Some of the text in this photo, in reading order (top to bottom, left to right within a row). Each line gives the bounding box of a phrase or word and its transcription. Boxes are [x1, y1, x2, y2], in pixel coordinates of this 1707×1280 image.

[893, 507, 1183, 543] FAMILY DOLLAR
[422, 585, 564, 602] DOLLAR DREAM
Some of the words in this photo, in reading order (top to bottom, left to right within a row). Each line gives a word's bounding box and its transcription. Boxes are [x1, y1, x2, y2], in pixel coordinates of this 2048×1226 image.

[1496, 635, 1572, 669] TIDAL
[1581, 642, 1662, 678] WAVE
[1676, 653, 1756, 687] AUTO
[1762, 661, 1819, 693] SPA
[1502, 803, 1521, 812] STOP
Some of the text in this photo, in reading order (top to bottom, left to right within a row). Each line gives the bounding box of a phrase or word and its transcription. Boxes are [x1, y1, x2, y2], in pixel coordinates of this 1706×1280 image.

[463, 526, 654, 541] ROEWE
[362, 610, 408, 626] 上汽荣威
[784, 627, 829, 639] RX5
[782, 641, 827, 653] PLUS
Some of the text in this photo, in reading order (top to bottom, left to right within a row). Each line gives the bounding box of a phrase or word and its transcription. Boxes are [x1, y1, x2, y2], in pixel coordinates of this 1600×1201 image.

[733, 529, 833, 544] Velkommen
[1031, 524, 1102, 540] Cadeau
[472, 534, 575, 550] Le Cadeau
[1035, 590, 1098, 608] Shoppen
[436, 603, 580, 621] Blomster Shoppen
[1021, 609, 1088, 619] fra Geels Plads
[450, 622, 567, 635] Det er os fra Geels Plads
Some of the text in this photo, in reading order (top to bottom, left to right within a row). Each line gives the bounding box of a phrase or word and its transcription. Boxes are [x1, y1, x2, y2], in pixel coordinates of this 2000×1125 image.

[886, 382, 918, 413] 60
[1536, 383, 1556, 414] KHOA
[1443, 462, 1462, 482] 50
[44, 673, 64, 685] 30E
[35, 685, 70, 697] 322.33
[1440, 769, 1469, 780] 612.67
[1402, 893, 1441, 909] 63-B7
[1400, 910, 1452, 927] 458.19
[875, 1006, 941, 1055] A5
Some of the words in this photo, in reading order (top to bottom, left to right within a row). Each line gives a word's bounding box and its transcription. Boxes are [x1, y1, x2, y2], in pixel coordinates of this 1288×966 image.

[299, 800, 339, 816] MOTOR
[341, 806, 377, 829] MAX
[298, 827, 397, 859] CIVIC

-*-*-

**WHAT YOU HAVE TO DO:** When the entries above are retyped, each line must stay exactly as it is.

**RESULT FOR THIS TASK:**
Some of the text in this photo, in reading order (top to bottom, left to right within a row). Each line gives the bounding box of a phrase or word and its transcription. Boxes are [x1, y1, x2, y2], in pixel coordinates of this 1707×1280 image.

[893, 507, 1183, 543] FAMILY DOLLAR
[422, 585, 564, 602] DOLLAR DREAM
Some of the words in this photo, in reading order (top to bottom, left to right within a row). Each line gives a word's bounding box and its transcription. Boxes are [x1, y1, x2, y2], in pixel coordinates of this 2048×1226 image.

[1496, 635, 1572, 669] TIDAL
[1581, 642, 1662, 678] WAVE
[1676, 653, 1756, 687] AUTO
[1762, 661, 1819, 693] SPA
[1502, 803, 1521, 812] STOP
Some of the text in this photo, in reading order (top to bottom, left to right within a row). Each line gives the bounding box of a phrase or word and its transcription. Boxes are [x1, y1, x2, y2], in pixel coordinates of this 1706×1280 image.

[463, 526, 654, 541] ROEWE
[362, 610, 408, 626] 上汽荣威
[784, 627, 829, 639] RX5
[782, 641, 827, 653] PLUS
Some of the text in this photo, in reading order (top to bottom, left to right within a row). Each line gives the bounding box of a phrase or word and its transcription. Boxes are [x1, y1, x2, y2], in pixel coordinates of this 1600×1201 image.

[733, 529, 833, 544] Velkommen
[1031, 524, 1102, 540] Cadeau
[472, 534, 575, 550] Le Cadeau
[1035, 590, 1098, 608] Shoppen
[436, 603, 580, 621] Blomster Shoppen
[1021, 609, 1088, 619] fra Geels Plads
[450, 622, 567, 635] Det er os fra Geels Plads
Some of the text in this photo, in reading order (top to bottom, left to right within a row). Each line gives the bounding box of a phrase or word and its transcription. Boxes are [x1, y1, x2, y2], in pixel coordinates of this 2000×1125 image.

[886, 382, 918, 413] 60
[1536, 383, 1556, 414] KHOA
[1443, 462, 1462, 482] 50
[44, 673, 64, 685] 30E
[35, 685, 70, 697] 322.33
[1440, 769, 1469, 780] 612.67
[1402, 893, 1441, 909] 63-B7
[1400, 910, 1452, 927] 458.19
[875, 1006, 941, 1055] A5
Some of the words in this photo, in reading order (top to bottom, left to right within a row). Each line gives a word's bounding box and its transcription. Boxes are [x1, y1, x2, y2], in pixel coordinates of this 1288×966 image.

[299, 800, 339, 816] MOTOR
[341, 806, 377, 829] MAX
[298, 827, 397, 859] CIVIC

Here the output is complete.